Perila – “Can We Just be Real?”


Perila is a prolific ambient producer from Berlin. Like Yaera, their music is best experienced on full blast in headphones where you can really get enveloped by the soft rolling textures and the ASMR like chatter of voices that fills the backgrounds. But on this track Perila adds a little trip hop: a Massive Attack like drum break into the mix with a little woozy electric piano chord changes, and a soft, monotone, sprechgesang going on. It’s sick. Like falling asleep in the back of your parents car as a kid, windows rolled down a little bit, cool night air blowing; if your parents were ravers I guess.


Vince Kaichan – Lost in Time


As more people are getting vaccinated against COVID-19, there is a certain kind of restlessness in the air, Vince Kaichan’s Lost in Time is the perfect soundtrack for that restlessness. Kaichan makes serene, almost ambient, footwork/juke music, using what sounds like samples from video games. There’s still the hard, propulsive, footwork/juke triplet drum patterns that you need, but the samples and melodies are at the forefront throughout the project, creating this interesting tension between the calm and serenity of the melodies and the yearning excitement of the drums. If we can make it there, God willing, this will be great chill out music after a footwork/juke show sometime this summer.


ZULI – All Caps


You gotta love ZULI. He has tremendous range, releasing everything from bassy Egyptian noise hip-hop records to out there grime/dubstepy explorations, but he’s also one of the only electronic music producers with a sense of humor in their music [Sophie too. R.I.P.]. Between the unrelenting, bang your head drum and bass barrage of tracks like “Tamy” and “Where Did You Go,” and the bass heavy, almost footwork vocal chops of “Bassous,” there are jokes on this record. The best of which is on “Bro! (Love It),” where a monstrous, rollicking, glitchy breakbeat is briefly joined by a reedy woodwind sounding instrument, which is immediately interrupted by a voice shouting “love the Arabic fusion bro!”

The breakbeat then speeds up at an unwieldy, breakneck speed. It’s later joined by the reed instrument from before. Then another voice interrupts the track asking “what happened to the North African music you were playing earlier?” ZULI, who was born in Cairo, lived in London, then moved back to Egypt, has talked before about the“neo-orientalism” of being consider a representative of Egyptian electronic music by European audiences. He says he has a “geography doesn’t matter” approach to making music,” swiping up everything from the internet and shards of his own musical memories, from hip hop, to drum and bass, grime, to North African music, and it really shows on this record.

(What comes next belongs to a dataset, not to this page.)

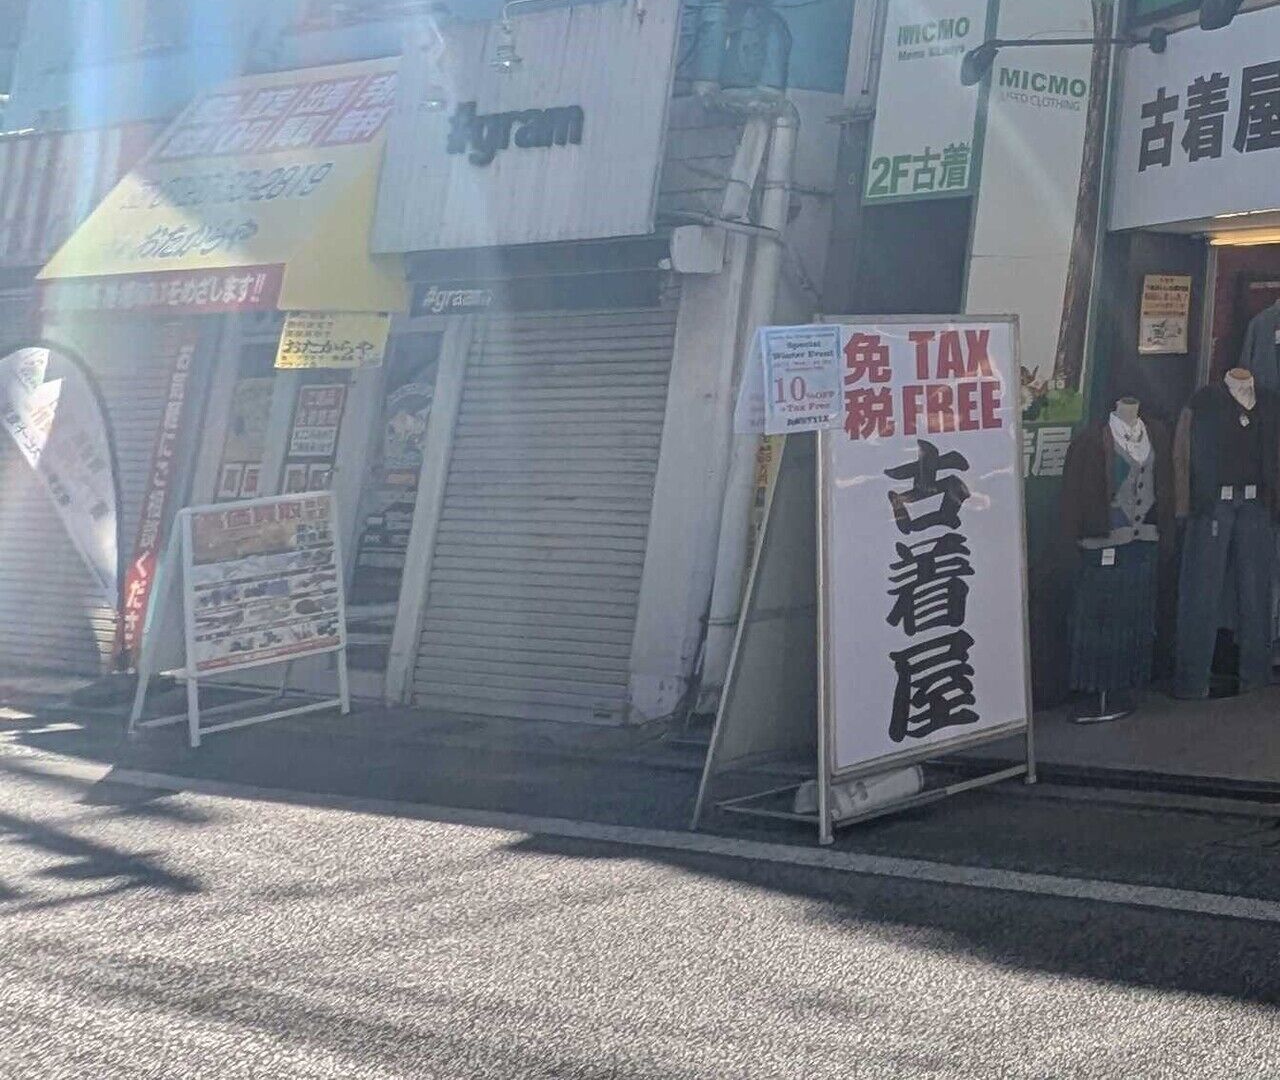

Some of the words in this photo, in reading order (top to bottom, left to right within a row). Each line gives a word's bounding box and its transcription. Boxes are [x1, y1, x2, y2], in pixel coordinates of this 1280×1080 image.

Neuropunk – Twilight World


All I want to do is hear “HER,” a blissful piece of nocturnal breakbeat from this album, played at full blast during a function sometime in the near future. On this short project, L.A.’s Neuropunk shifts from that world of perfect summer night breakbeat, to bulging bass footwork/juke sample bustdowns, to destructive high energy drum and bass acid flipouts, all of it heavy as fuck, but always nimble.